Almost a million children orphaned by Aids in the Congo 21/6/01

ROBIN DENSELOW:
The Luvangadio family live in a tiny brick shack in the Congolese capital, Kinshasa. The children don't go to school. They haven't the money, and spend their days playing in the dirt yard. Their father, a taxi driver, died of AIDS five years ago. And now their mother Antoinette is dying. She lies on the bare concrete floor. Unlike many AIDS sufferers, she does have some help, a visit twice a week from Charlotte Fatou, a nurse with the local charity Amo Congo.

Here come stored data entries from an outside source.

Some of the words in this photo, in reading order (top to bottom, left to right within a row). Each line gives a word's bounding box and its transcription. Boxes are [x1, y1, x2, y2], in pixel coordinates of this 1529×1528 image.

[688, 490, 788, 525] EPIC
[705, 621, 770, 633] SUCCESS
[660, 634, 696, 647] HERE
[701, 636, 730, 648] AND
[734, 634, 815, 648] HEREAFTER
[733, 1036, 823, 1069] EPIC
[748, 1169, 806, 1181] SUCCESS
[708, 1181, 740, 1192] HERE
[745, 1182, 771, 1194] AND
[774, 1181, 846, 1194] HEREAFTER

Antoinette complains her ribs are painful after so much time on the floor. Charlotte says she will try to find a mattress. But it's hard to protect your possessions when your front door is a flimsy curtain. Six children also share this tiny room. Charlotte tells the eldest of the children that she ought to be learning dress-making. The family desperately need money. It's difficult for the children because their mother can't work, and she is the one who looks after her children's future. She is completely weakened. There is no way she can earn money.

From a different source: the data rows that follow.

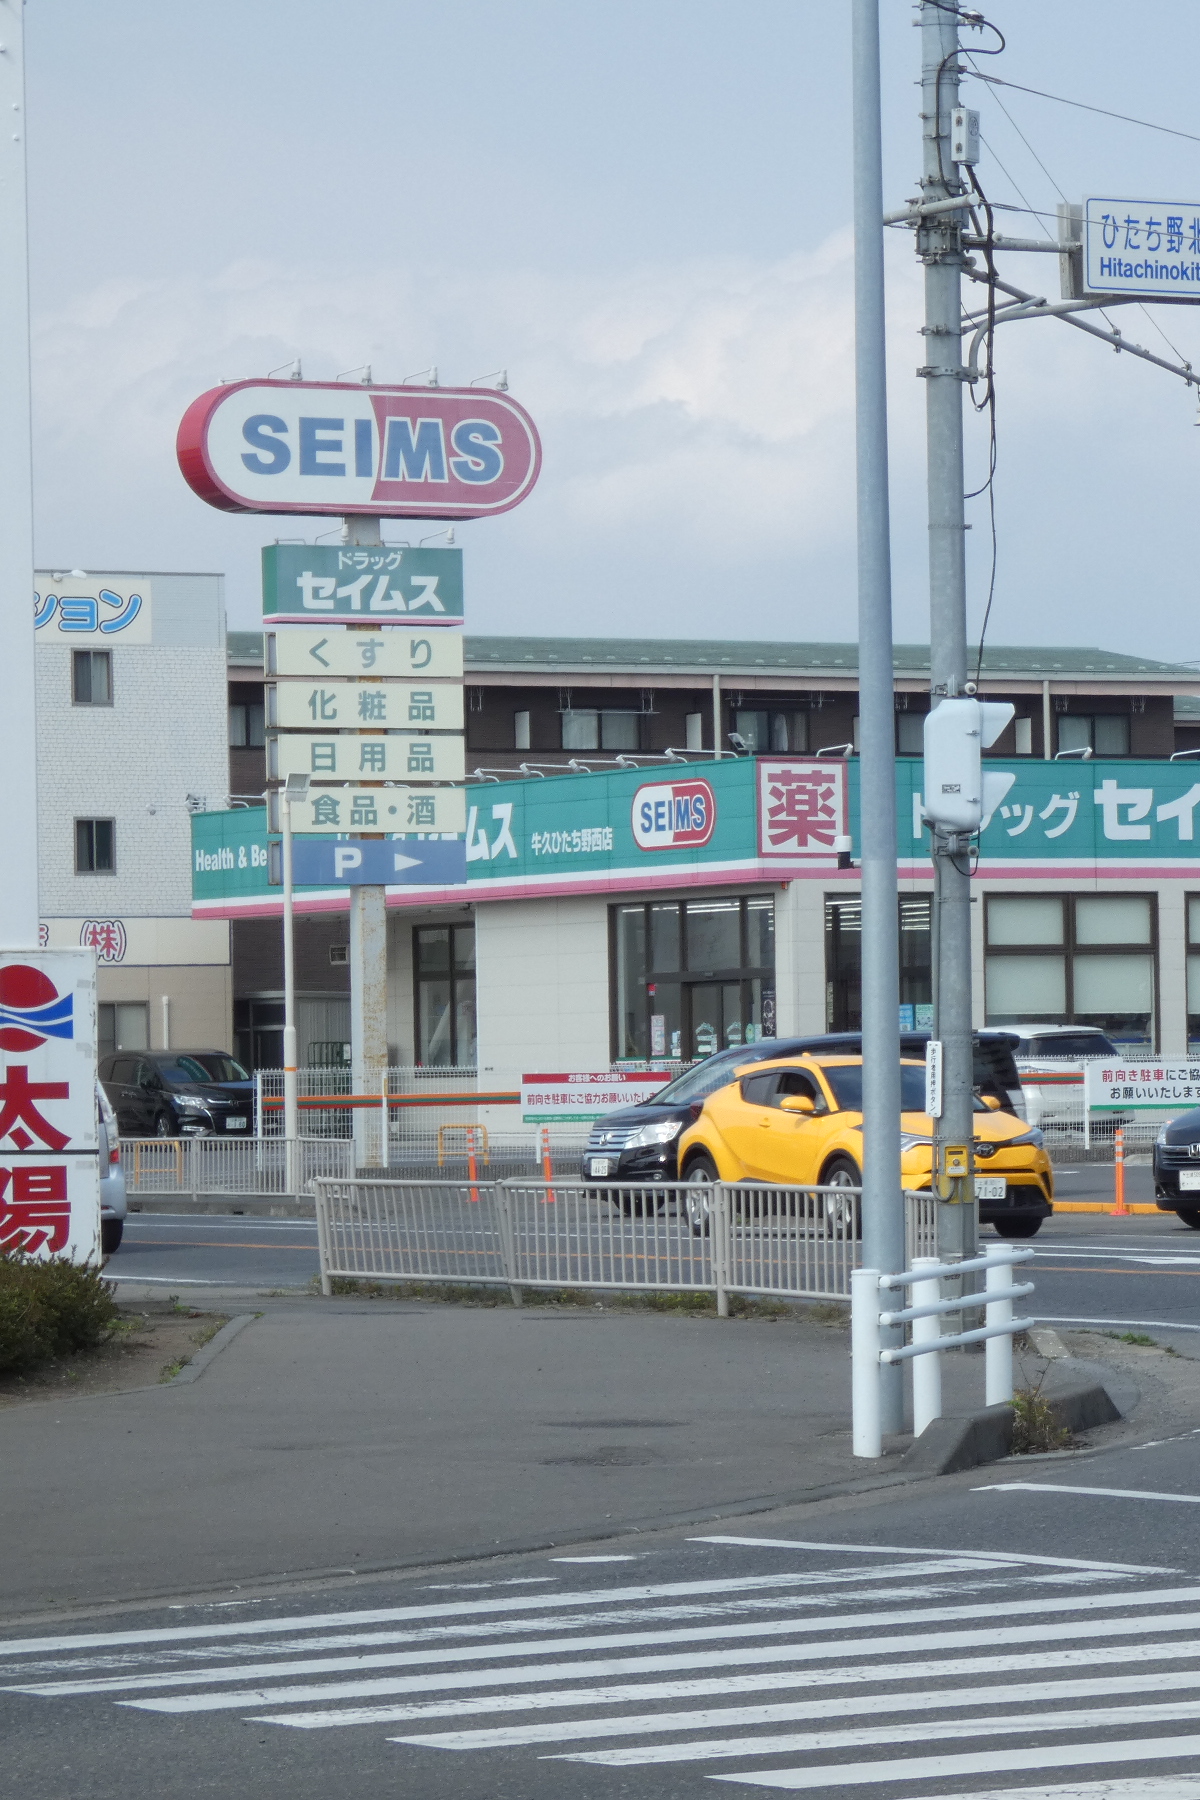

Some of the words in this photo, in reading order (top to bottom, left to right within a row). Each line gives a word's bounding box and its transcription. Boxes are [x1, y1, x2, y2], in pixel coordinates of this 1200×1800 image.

[240, 412, 506, 485] SEIMS
[337, 550, 403, 571] ドラッグ
[296, 571, 445, 613] セイムス
[309, 639, 434, 670] くすり
[308, 690, 436, 722] 化粧品
[310, 742, 436, 773] 日用品
[310, 795, 436, 827] 食品・酒
[640, 795, 707, 834] SEIMS
[767, 769, 838, 848] 薬
[531, 827, 613, 856] 牛久ひたち野西店
[195, 847, 234, 872] Health
[238, 846, 248, 868] &
[334, 847, 362, 878] P
[568, 1073, 627, 1083] お客様へのお願い
[976, 1186, 1004, 1197] 71-02

CHARLOTTE FATOU (TRANSLATION):
It's difficult for the children because as you can see the mother can't work and she is the one who looks after the children's future. She is completely weakened, there is no way she can earn any money.

DENSELOW:
Tragedies like this are repeated, constantly, right across Africa, on a scale that's almost inconceivable. Over 25 million people are living with HIV/AIDS in sub-Saharan Africa. As families are destroyed, 12 million children have been orphaned. Here in the Congo the problem is made worse by the continuing war and an almost complete absence of government help. It's left to women like Charlotte Fatou to spend her days visiting those dying of AIDS. Her next call is Jacqueline Bowu, whose husband died of the disease four years ago. She's worried not just by her illness, but by the poverty it has brought her. Until now she has survived thanks to one of her ten children, a daughter who is a market trader. Now she's been jailed for handling stolen goods and there's no money coming in.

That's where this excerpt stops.